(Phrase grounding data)
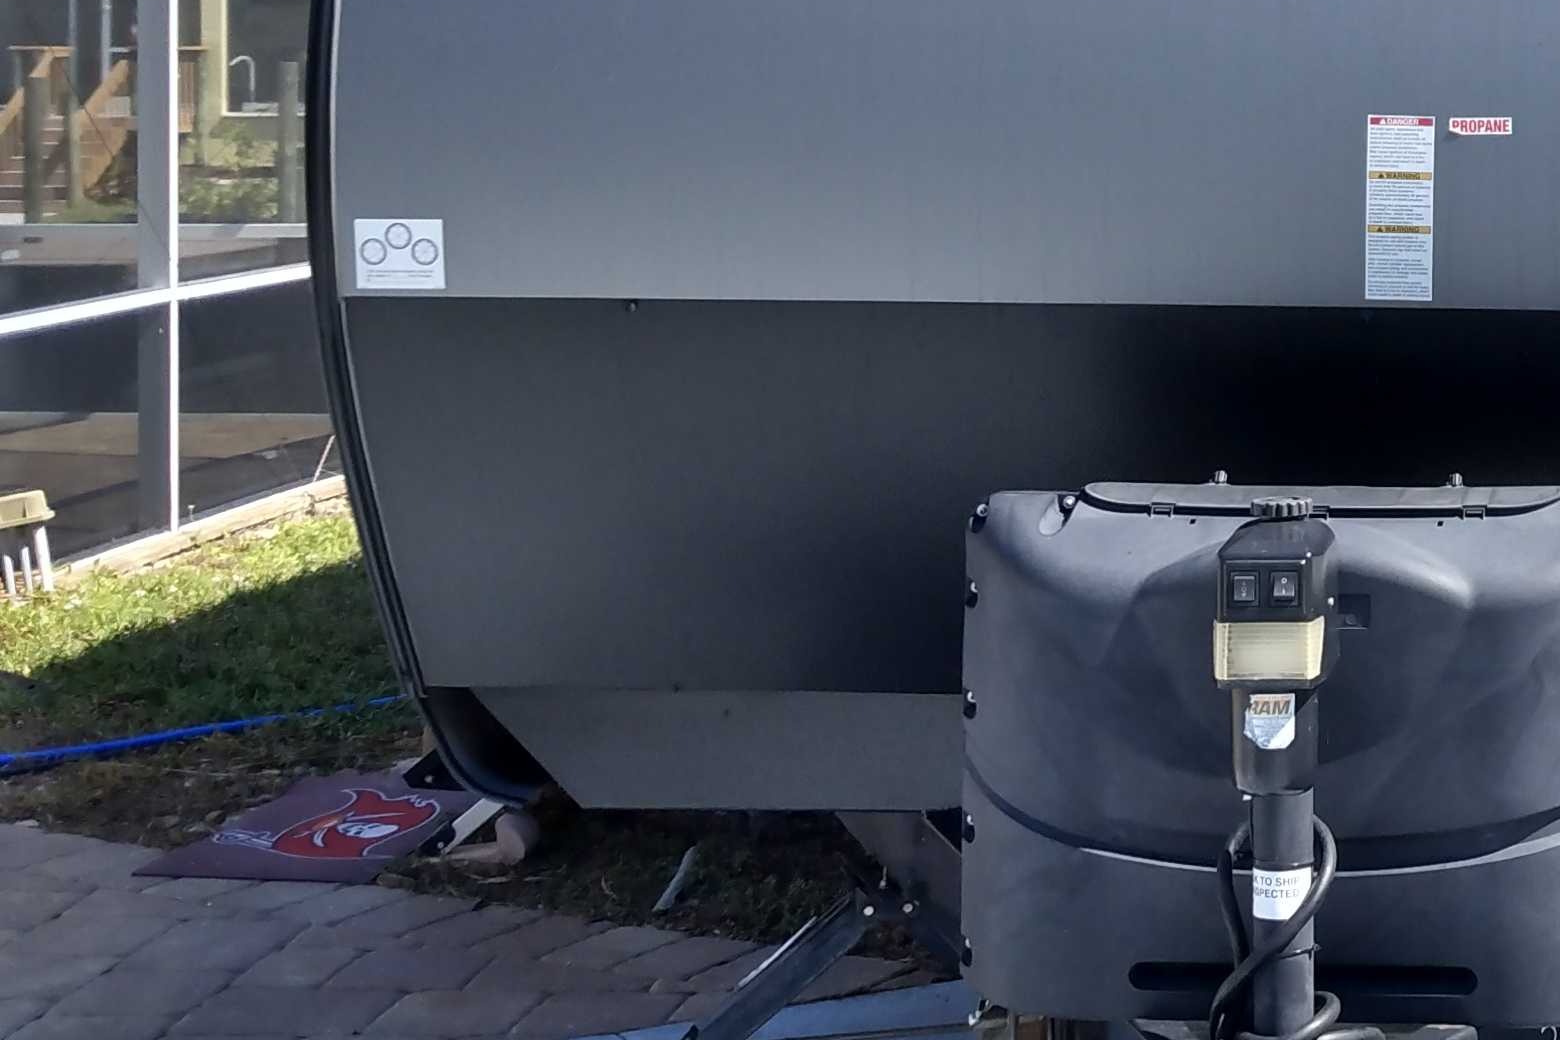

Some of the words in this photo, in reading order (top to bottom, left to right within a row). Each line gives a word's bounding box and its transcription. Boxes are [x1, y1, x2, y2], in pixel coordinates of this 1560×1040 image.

[1451, 119, 1511, 133] PROPANE
[1386, 172, 1421, 180] WARNING
[1384, 225, 1420, 233] WARNING
[1260, 875, 1273, 886] TO

(PROBLEM STATEMENT) Restate the records above exactly, less any pictures.

(OUTPUT OF THE EXERCISE)
Some of the words in this photo, in reading order (top to bottom, left to right within a row). Each line gives a word's bounding box and its transcription. Boxes are [x1, y1, x2, y2], in pixel coordinates of this 1560×1040 image.

[1451, 119, 1511, 133] PROPANE
[1386, 172, 1421, 180] WARNING
[1384, 225, 1420, 233] WARNING
[1260, 875, 1273, 886] TO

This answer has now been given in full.